Friday, June 8, 2018

LETTERS SENT INTO THE FUTURE with other things

                                                    76

        There was a PAUSE  in my writing of these pages.  

        The now usual feeling of fatigue and despair as to the future of printed words.  But for some reason that gate has opened.  

        Possibly the news that the complete ANNIVERSARIES by Uwe Johnson will be appearing in the early fall from New York Review Books.  Like many I had read the two book version that Johnson himself had approved but the new version is the complete version of 2000+ pages.  

         A novel unimaginable in American writing yet the novel is set in the US in the year 1968.  The New York Times is a central fixture of the novel as it is read by the woman who is at the center of the novel and as she exists in both New York and in her past in Germany.  More about this... 

         and also in the fall, a biography from the French of Maurice Blanchot...  at one time only some years ago Blanchot was read and read by all those who were really interested in writing...but as the universal dumbness descended thanks to the now totalitarian political correctness in the colleges and the imposiiton of a rule by identity politics such a writer is now impossible to imagine being read... yet a biography is appearing from Fordham University Press...
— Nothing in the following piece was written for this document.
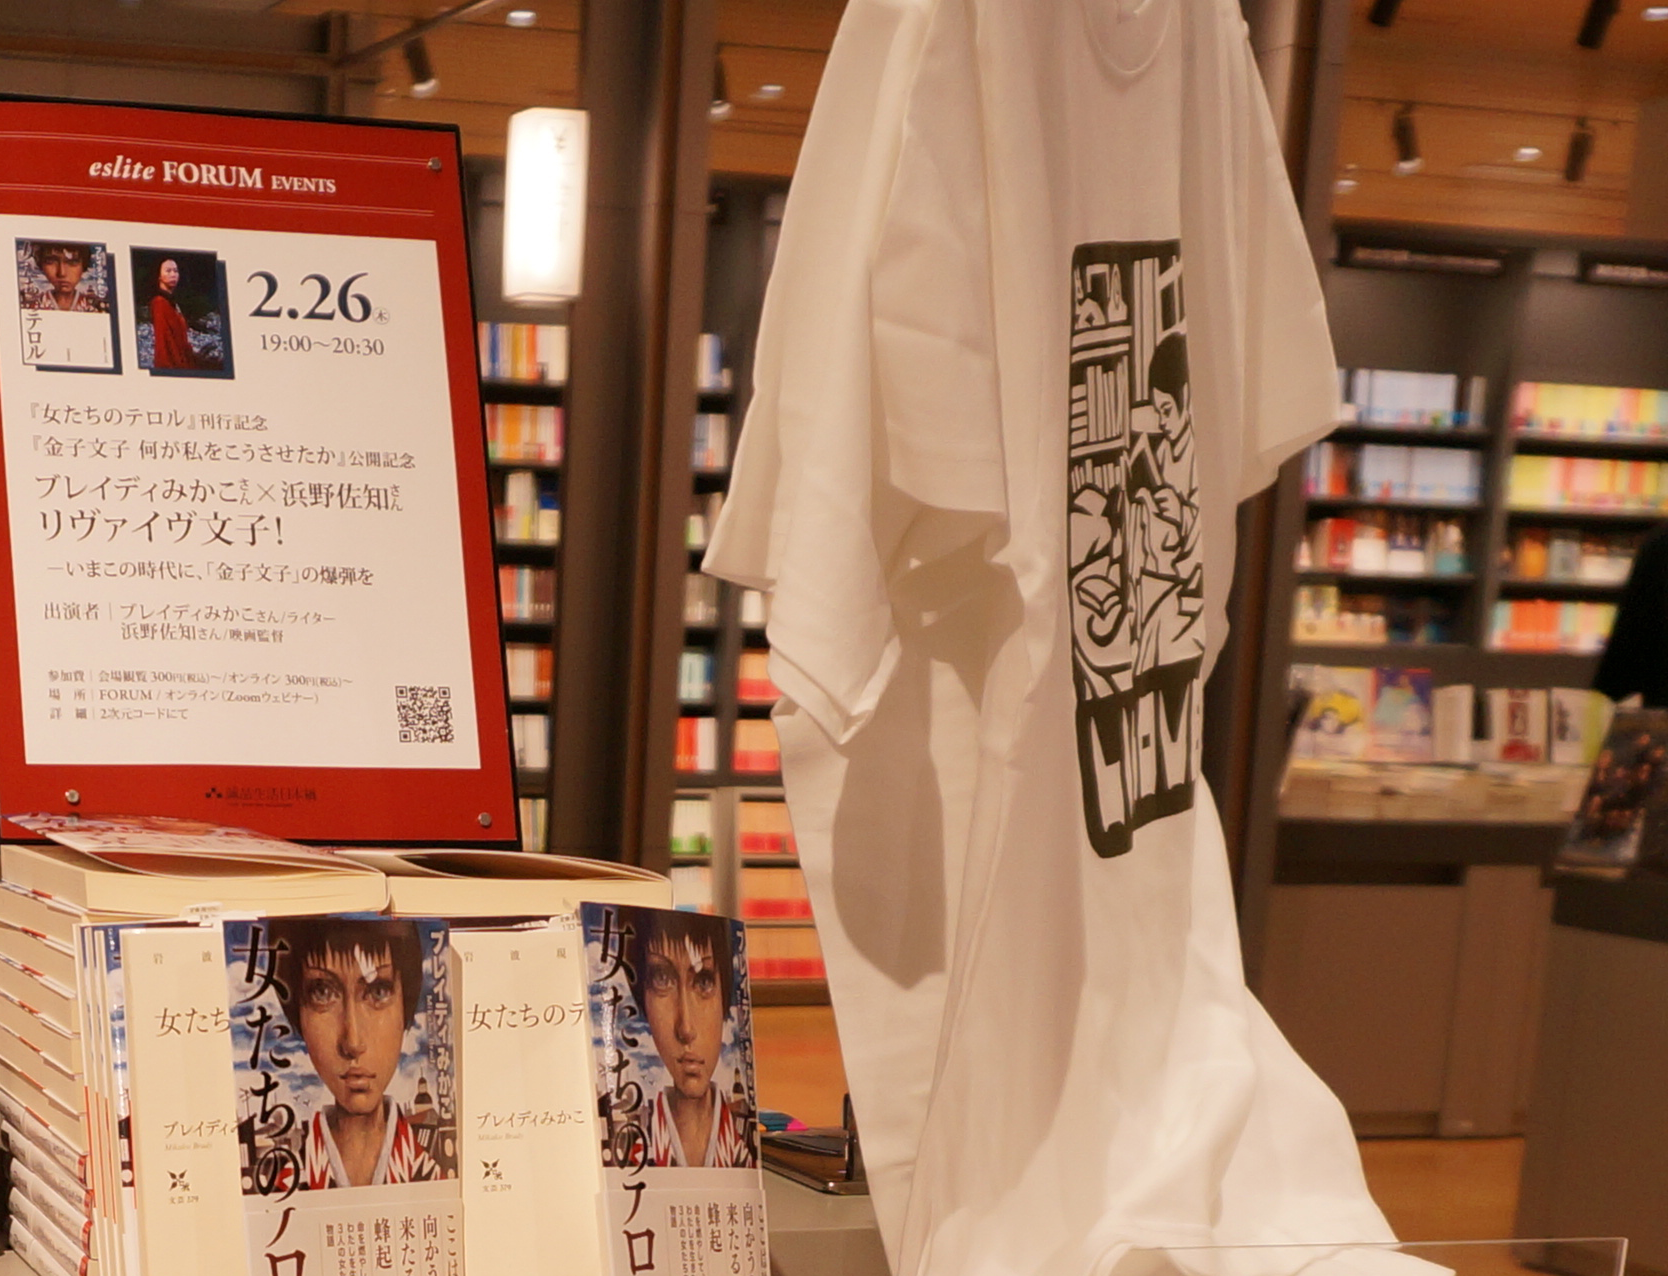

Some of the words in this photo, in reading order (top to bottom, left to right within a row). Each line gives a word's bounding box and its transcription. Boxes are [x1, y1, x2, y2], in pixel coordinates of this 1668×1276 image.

         while the third push to return is the beginning of the translation and publication of the complete stories of VARLAM SHALAMOV.  Two books of his stories had appeared but they are but a taste of the breadth of this most heroic survivor of the Gulag...  

         Again it is New York Review Books that is doing the complete stories, translated by Donald Rayfield and the first book is now available at over 700 pages.  

         The simple reason that Shalamov is not better known is that he resisted any form of collaboration with the regime that had kept him as a slave in a gold mine in the Gulag for six years and then as a hospital worker so spending more that 15 years in the Gulag.  What makes his work remarkable is that he survived and did not shrink away from the simple awfulness and the fact that nothing is really learned from the experience except that one has survived.  

        A friend George Kamen who was a medical doctor and psychcoanaylst and exile from Bulgaria went back to Bulgaria after "the changes" to interview both the guards and the prisoners and discovered that both groups of people felt a great shame as to what had happened to them.  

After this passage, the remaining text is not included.